A track record in manufacturing strict anaerobic cultures in a GMP environment is an essential requirement to produce LBPs. Media preparation, manufacture and packaging under anaerobic conditions at capacities ranging from 5L to greater than 5000L are an essential component for a CDMO. Quality control assay validation and qualification under appropriate conditions are also essential. These can be traditional plating techniques or as is becoming more common, methods using Flow Cytometric? for total cell and viable cell counts.4​ The use of FC may also assist with the development of process robustness using oxidative stress assays as part of the development and scale up pathway.5

Is the CDMO able to operate to meet the product specification, do they have numerous process lines and can they conduct manufacturing campaigns to deliver material in the appropriate time frame? Do they offer specific anaerobic product packaging capabilities? These are just some of the questions to ask when considering an LBP partner.

4. Commercial manufacture

Manufacturing LBPs at industrial scale involves equipment and processing methods that can vary from those at development and semi-industrial scale. Media sterilisation can either be Steam-In-Place (SIP), Ultra High Temperature (UHT), or sterile filtration. The method of media sterilisation can have an influence of the growth and handling of the fermentation.5​ With Industrial scale fermentation systems, UHT is the most common method of sterilisation, while at development and semi-industrial scale, SIP or SIP/sterile filtration is used. The effect on the difference in process methods may change the growth, size and viability of the LBP product. Due to the scale, additional seed stages may also need to be included in the process design.

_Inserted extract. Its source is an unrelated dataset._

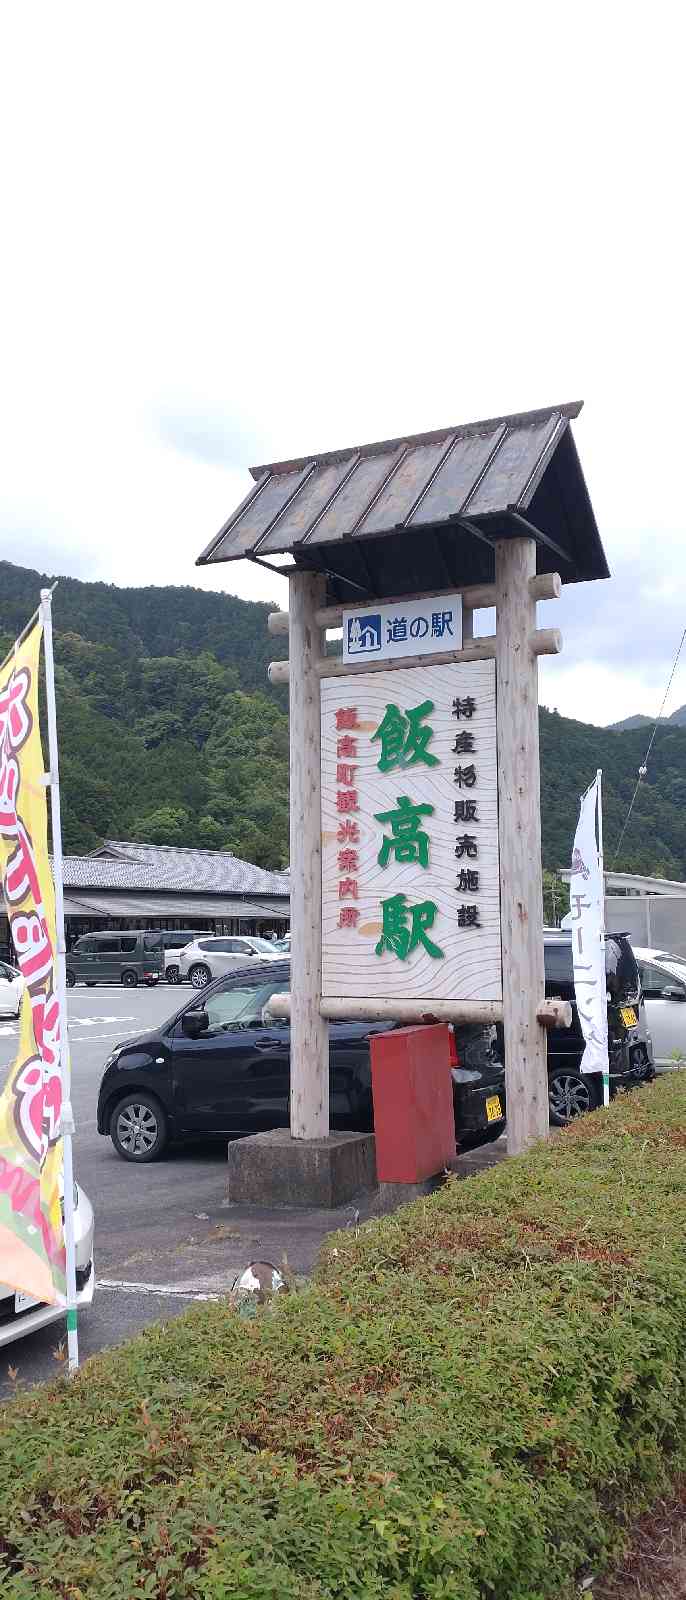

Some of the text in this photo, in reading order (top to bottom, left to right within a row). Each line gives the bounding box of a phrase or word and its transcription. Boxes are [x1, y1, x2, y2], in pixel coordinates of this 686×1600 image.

[386, 611, 453, 644] 道の駅
[334, 707, 361, 929] 飯高町観光案内所
[370, 699, 445, 961] 飯高駅
[451, 696, 481, 929] 特産物販売施設

Concentration of the biomass can also require different methods across the project life. At small development scale batch centrifugation or hollow fibre filtration is the most common method. However, at the industrial scale these methods can be too costly, timely or require significant engineering input to handle the increased volumes and hydrolytic pressure of processing thousands of litres of fermentation product. The use of continuous or discontinuous centrifugation, coupled with anaerobic handling, is the most common method of cell concentration at the commercial scale.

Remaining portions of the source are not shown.